Elano merawat Zora dengan baik. Gadis itu dikompres dahinya sampai malam tanpa henti. Lano juga menyuapi Zora dengan sabar walaupun kadang ada perlawanan kecil dari gadisnya itu.

"Tidurlah, aku akan menjagamu disini" ucapnya setelah melihat jam weker yang menunjukkan pukul sepuluh malam.

"Ti-tidak... kau bisa pergi karena tubuhku merasa baik berkatmu" tolaknya.

Elano merasa marah karena gadisnya mengusir dirinya namun ia juga merasa senang saat gadisnya itu berkata kalau ia sudah baikan karena dirinya juga.

"Kalau begitu..." Lano beranjak dari duduknya ia pun memindahkan Zora ke sisi kasur gadis itu dulu dengan cara menggendongnya lalu ia tidur disampingnya ".....tidur. atau aku tiduri" ucapnya.

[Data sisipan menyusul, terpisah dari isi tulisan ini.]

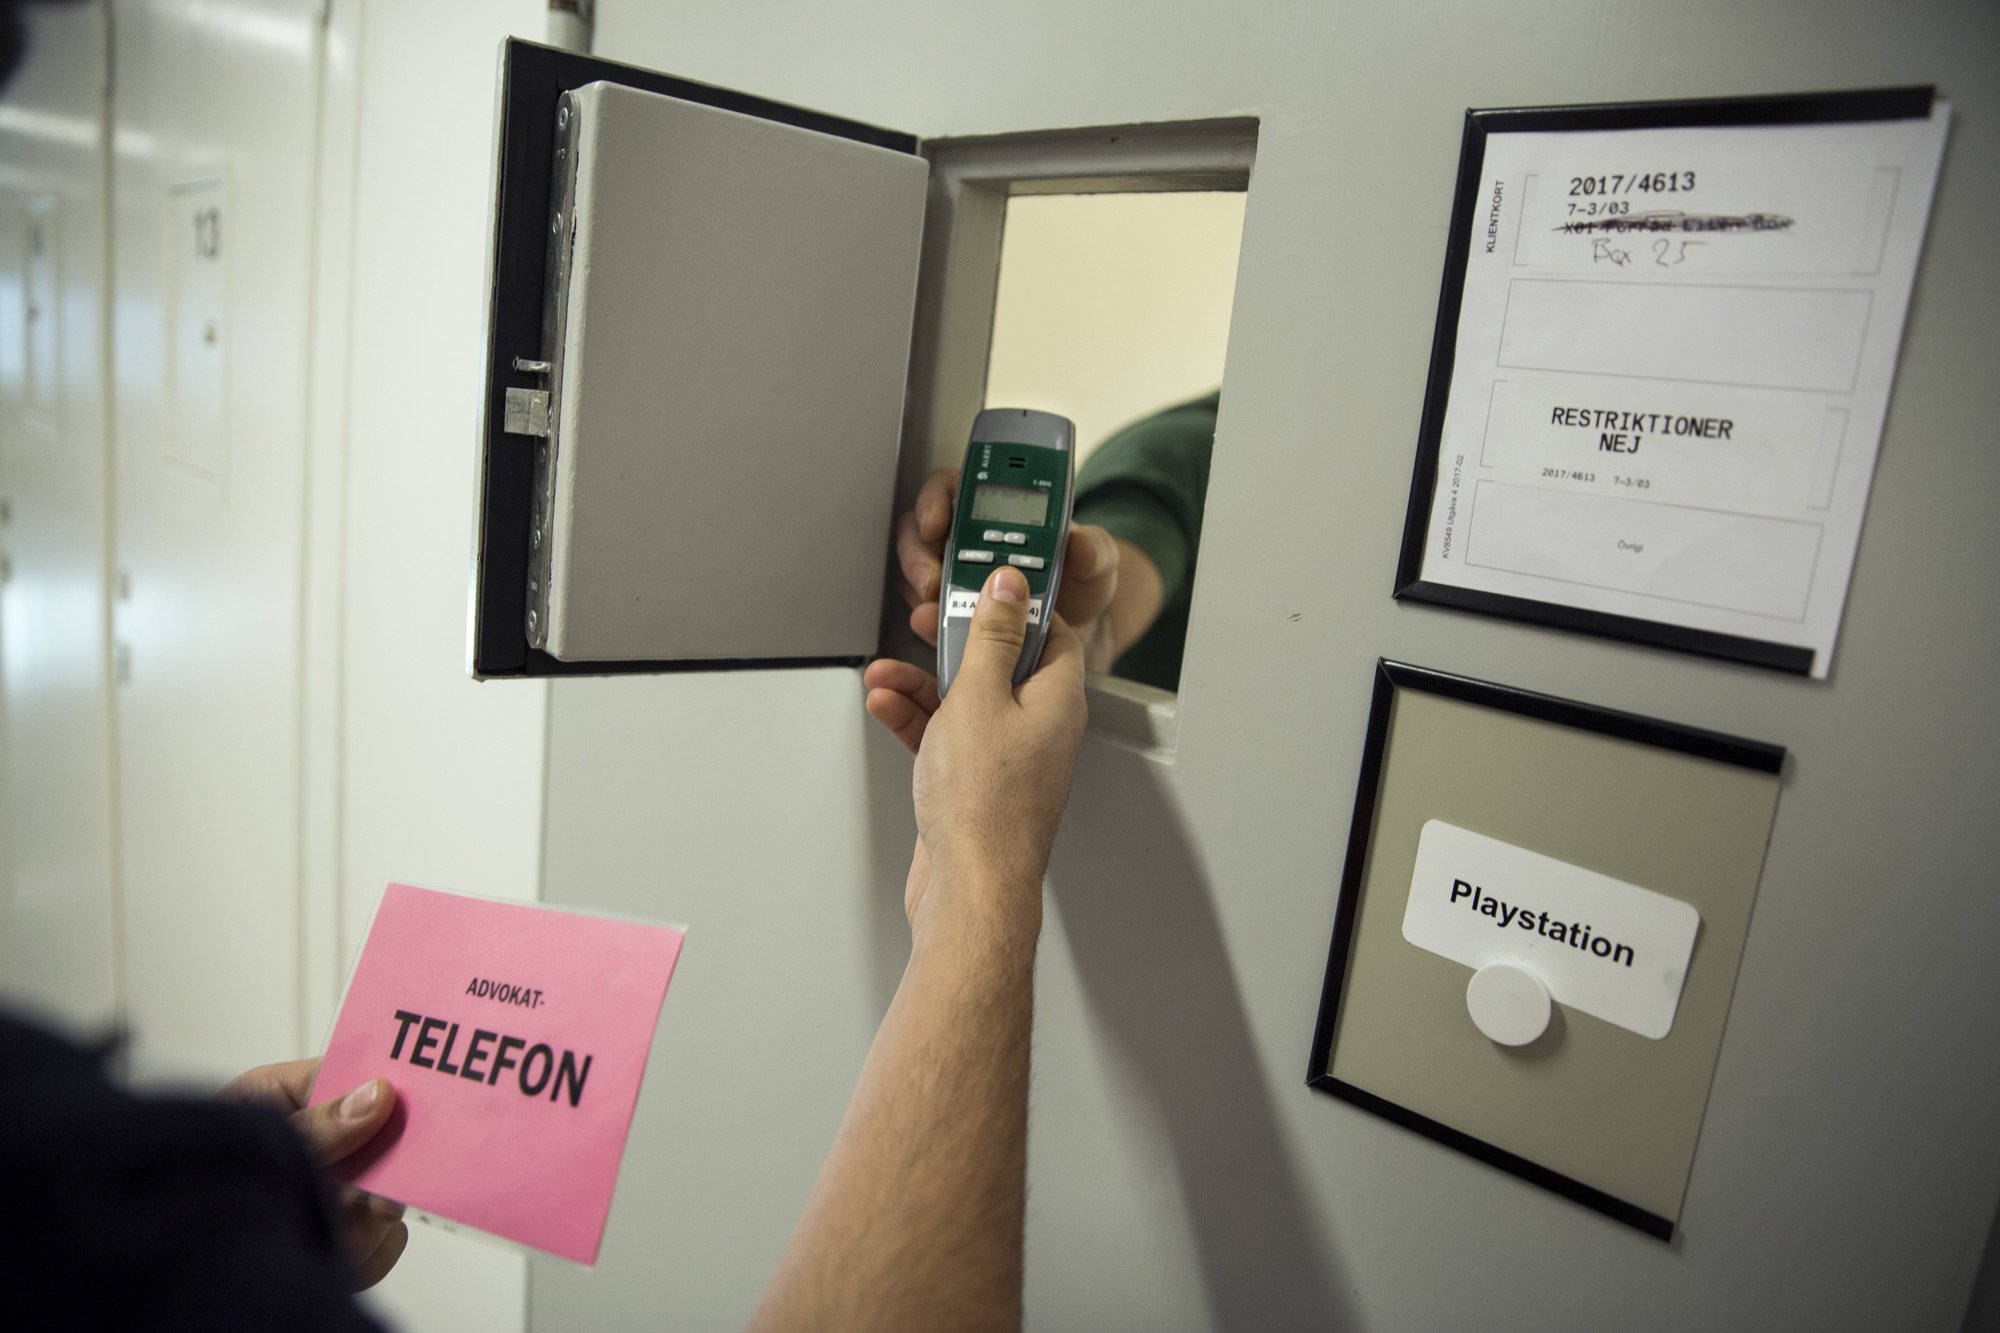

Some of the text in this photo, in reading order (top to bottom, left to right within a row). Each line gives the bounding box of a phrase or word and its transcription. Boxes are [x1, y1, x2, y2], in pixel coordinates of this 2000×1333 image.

[1568, 171, 1697, 196] 2017/4613
[1486, 180, 1504, 253] KLIENTKORT
[1567, 201, 1630, 216] 7-3/03
[1652, 239, 1708, 267] 25
[1551, 406, 1733, 440] RESTRIKTIONER
[1599, 432, 1641, 454] NEJ
[1453, 454, 1464, 488] 2017-02
[1542, 467, 1650, 489] 2017/4613 7-3/03
[964, 551, 988, 560] MENU
[1019, 556, 1032, 564] OK
[952, 600, 967, 608] 8:4
[1028, 607, 1039, 617] 4)
[1450, 878, 1635, 967] Playstation
[465, 977, 546, 1009] ADVOKAT-
[389, 1009, 593, 1108] TELEFON

Zora terkejut lalu dengan cepat memejamkan matanya. Namun ia masih tidak bisa tidur karena disini sangatlah sempit. Kasurnya hanya muat untuk satu orang saja namun orang disampingnya ini malah dengan tidak sopannya ikut tidur juga. Apalagi badannya sangat besar dan jika dibandingkan tubuhnya mungkin Zora bisa dikalikan tiga.

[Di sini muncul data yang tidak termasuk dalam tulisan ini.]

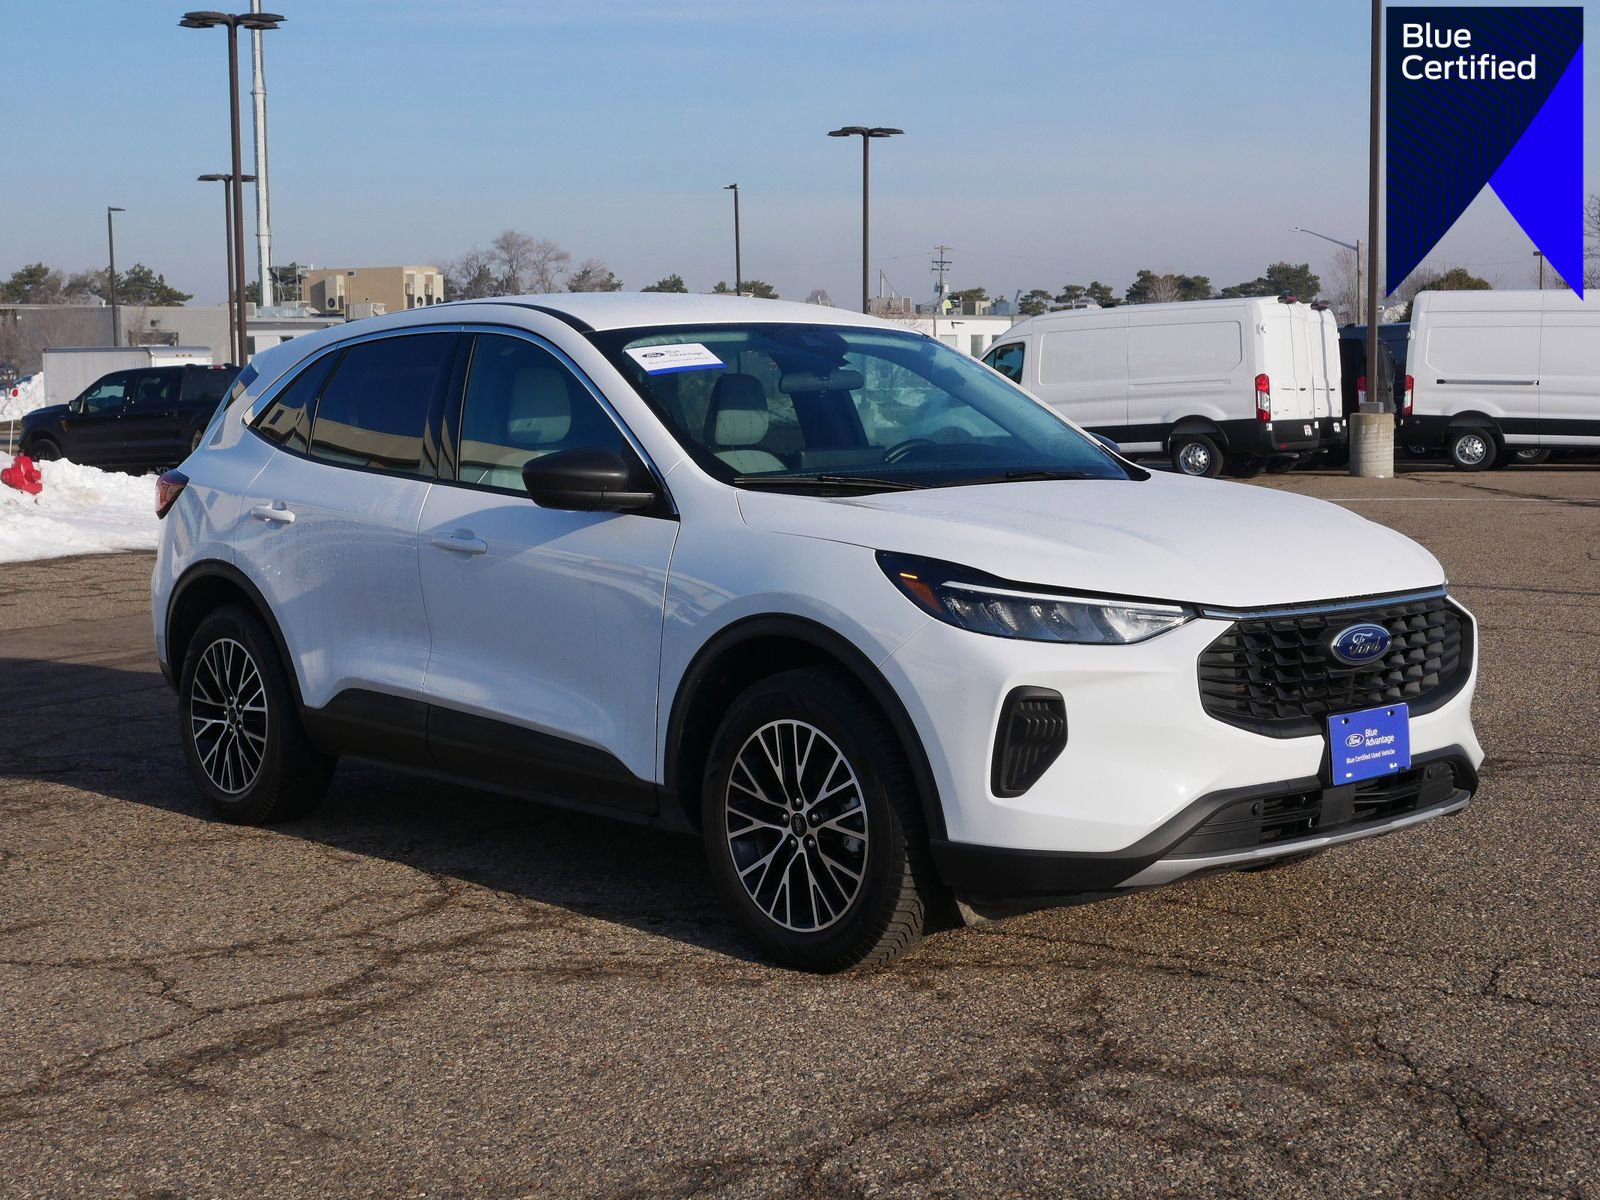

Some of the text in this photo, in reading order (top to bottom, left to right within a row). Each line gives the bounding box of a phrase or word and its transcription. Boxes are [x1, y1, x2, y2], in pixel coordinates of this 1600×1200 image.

[1349, 632, 1381, 656] Ford
[1365, 728, 1378, 737] Blue
[1365, 735, 1395, 747] Advantage

Merasa gadisnya terus saja bergerak, Lano memiringkan tubuh Zora paksa untuk menghadapnya dan menenggelamkan kepala kecil gadis itu ke dadanya. Menepuk-nepuk punggung kurus gadis itu supaya bisa tidur.

>>>

Keesokan paginya badan Zora terasa pegal karena semalaman ia tidur menyamping. Gadis itu menatap kamarnya sepi. Sepertinya Elano sudah pergi dari apartemennya. Ia berusaha bangkit dari kasur namun kepalanya masih terasa pusing.

Waktu menunjukkan pukul tujuh pagi. Sepertinya tidur malam tadi sangat nyanyak, tidak biasanya Zora bangun kesiangan seperti ini. Walaupun paginya badannya sangat pegal semua.

Tangan kanannya masih memegangi kepalanya terus sambil berjalan menuju kamar mandi.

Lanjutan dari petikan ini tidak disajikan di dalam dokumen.